Q : De quoi s'agit-il ?
R : Un véhicule de transport de voiture léger fabriqué en modifiant une Dodge Caravan de 1994. Je ne me suis jamais vraiment senti rassuré de tracter une voiture classique derrière ou sur une remorque. Quand tout se passe pour le mieux, pas de problème, mais lorsqu'il faut effectuer un freinage d'urgence, lorsque la chaussée est glissante, lorsqu'un pneu éclate ou lorsqu'il faut faire un zigzag pour éviter un obstacle, la situation peut devenir plus critique. J'ai également regardé vos véhicules à plate-forme standards et j'ai pensé combien il était difficile de soulever la charge au-dessus de la suspension arrière où, dans le cas d'un essieu avant directeur, la charge pourrait être supportée près du sol, entre les roues arrière. Une fois, j'ai vu une Cadillac Eldorado modifiée pour transporter une mini voiture de course (oui vraiment), et j'ai pensé que c'était une bonne idée, même si le résultat n'a pas été aussi concluant avec une Eldorado. J'ai également vu, en Europe, des transporteurs de voitures de course fabriqués à partir de véhicules Renault et Citroën à essieux directeurs avant; mon concept n'avait donc rien d'original. Lorsque Chrysler a sorti la Dodge Caravan en 6 cylindres, j'ai réalisé que la seule façon de voir si l'idée était bonne consistait à en fabriquer une moi-même. J'ai appris à utiliser un programme de DAO pour peaufiner les détails du projet et me mettre au travail.
Q : À quoi sert-il ?
R : À transporter des voitures appartenant à ma toute petite collection de voitures anglaises anciennes.
Q : Quelle est la source d'énergie principale de votre projet ? (p. ex., moteur électrique, moteur à essence, etc.)

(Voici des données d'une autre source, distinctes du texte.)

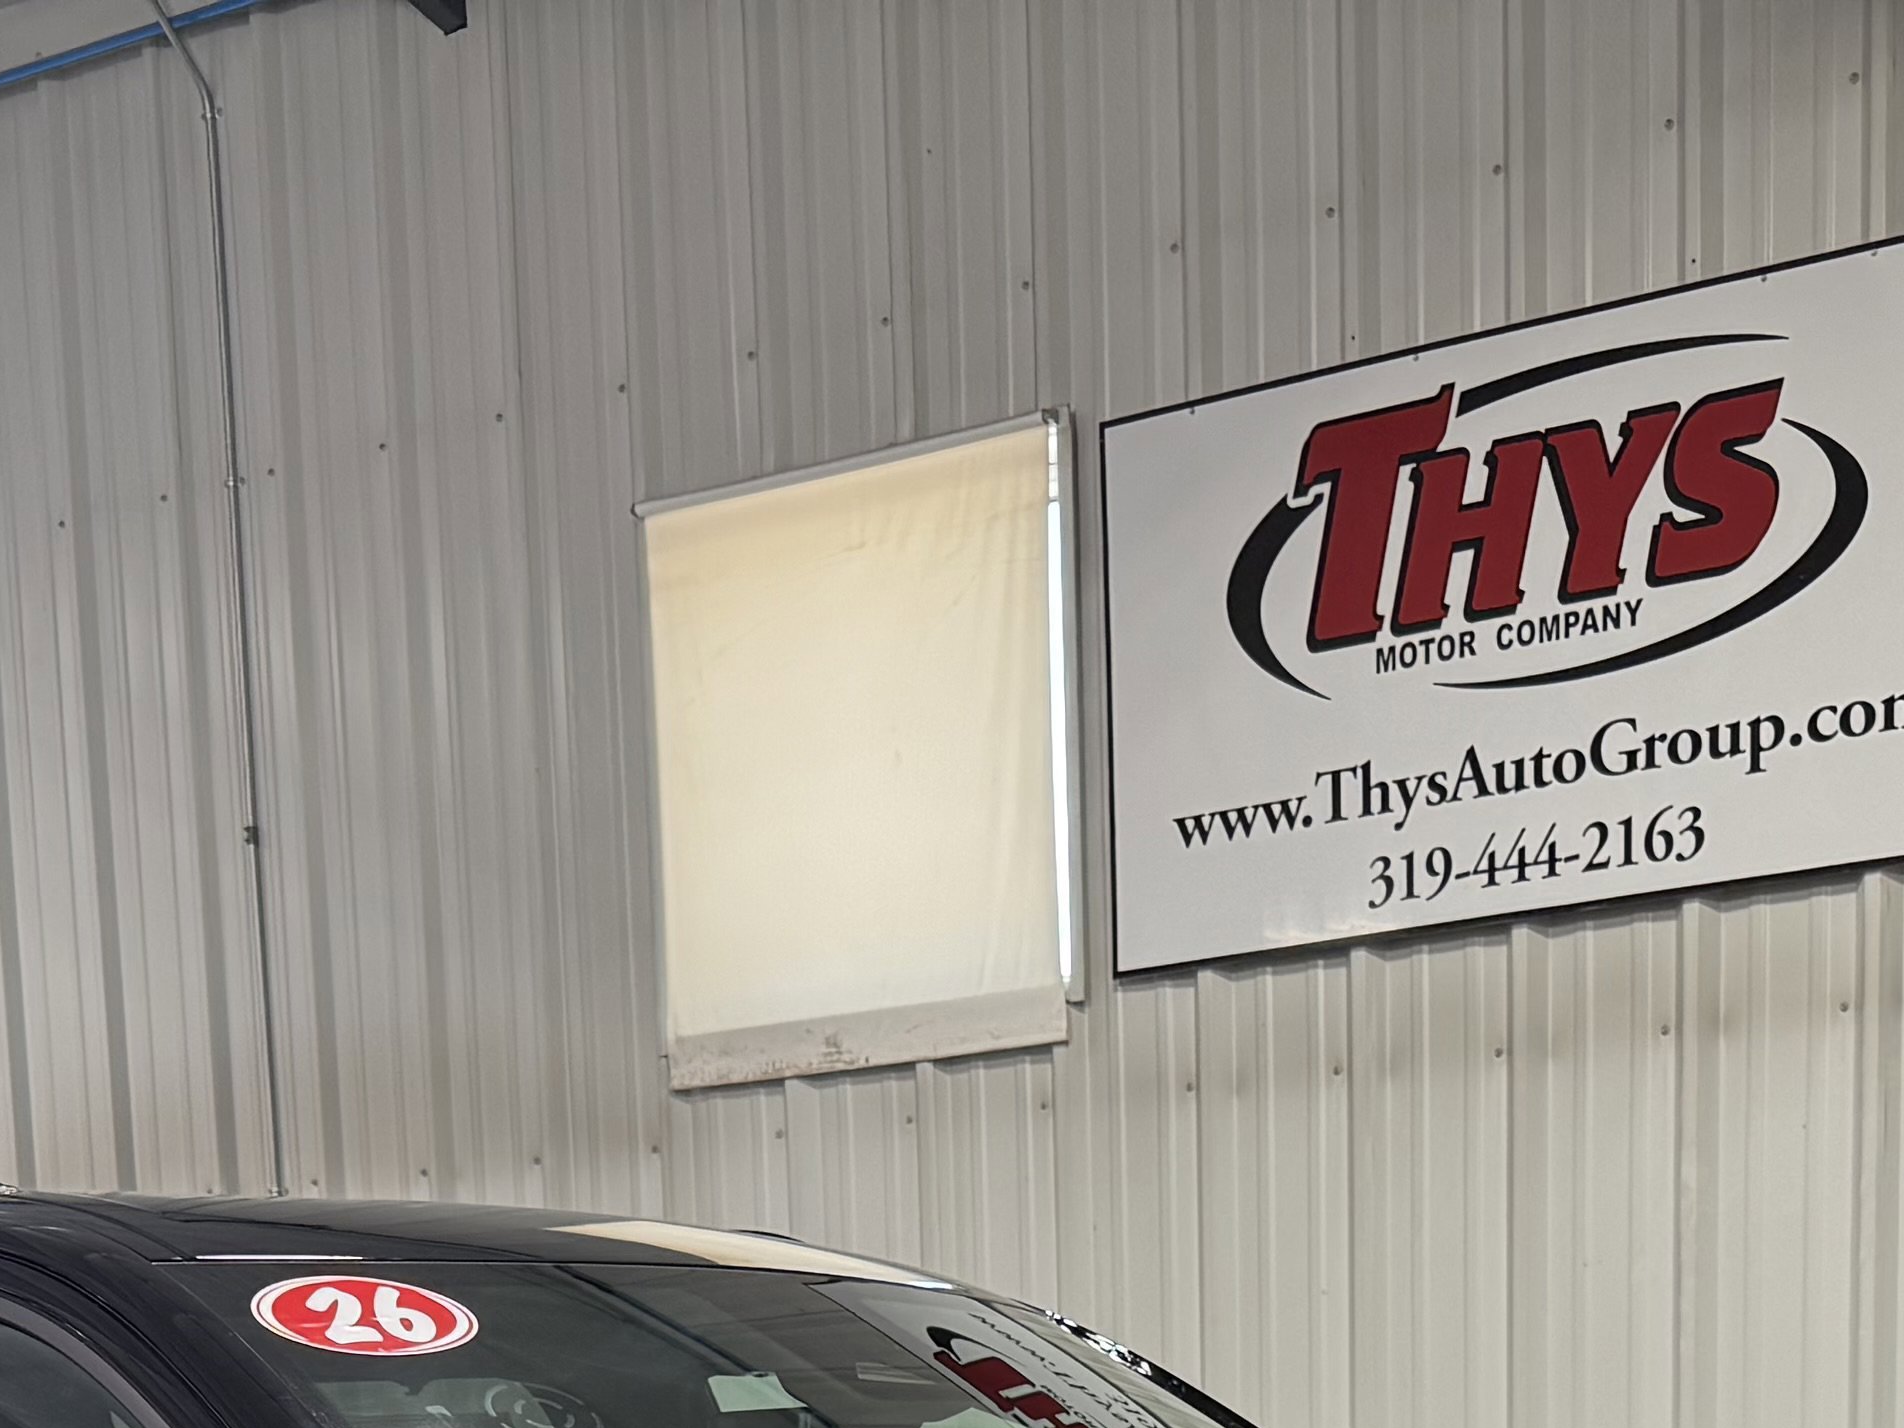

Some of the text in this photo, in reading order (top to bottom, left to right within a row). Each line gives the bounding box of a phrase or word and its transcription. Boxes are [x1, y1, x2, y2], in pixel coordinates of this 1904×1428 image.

[1295, 376, 1786, 653] THYS
[1374, 597, 1644, 675] MOTOR COMPANY
[1367, 804, 1706, 910] 319-444-2163
[305, 1286, 437, 1345] 26

R : Le V6 à essence 3,3 litres du véhicule parent. La Dodge Caravan a été sélectionnée pour plusieurs raisons. À l'époque, au milieu des années 90, la Dodge Caravan était la reine des fourgonnettes. Le véhicule a été fabriqué pendant environ 15 ans, et la plupart des problèmes propres à cette nouvelle classe de véhicules ont été éliminés. La transmission à régulation électronique 604 était un nouveau concept et elle présentait quelques anomalies, mais de nombreuses pièces de marché secondaire de bonne qualité étaient disponibles, ce qui permettait de transformer un produit plutôt peu fiable en une machine performante. Le fait que la Dodge Caravan soit dotée de vitres latérales ayant la même hauteur sur toute la longueur de la fourgonnette et d'un robuste moteur de 3,3 litres étaient les facteurs les plus importants.
Q : Quels sont les éléments de manoeuvre de votre projet ? (p. ex., soupape(s) de commande hydraulique(s), interrupteurs électriques, etc.)
R : Des commutateurs électriques de 12 V c.c., activent, par le biais de relais, des électrovannes afin de régler pneumatiquement la hauteur de conduite du véhicule chargé.
Q : Quels composants utilisez-vous pour effectuer les travaux dans le cadre de votre projet ? (p. ex., vérin(s) hydraulique(s), moteur(s) hydraulique(s), pignons, poulies, etc.)
R : Un petit compresseur de 12 V c.c., des électrovannes de 12 V c.c., des relais de 12 V c.c., des ressorts pneumatiques.
Q : Quels défis de conception/construction avez-vous dû surmonter ?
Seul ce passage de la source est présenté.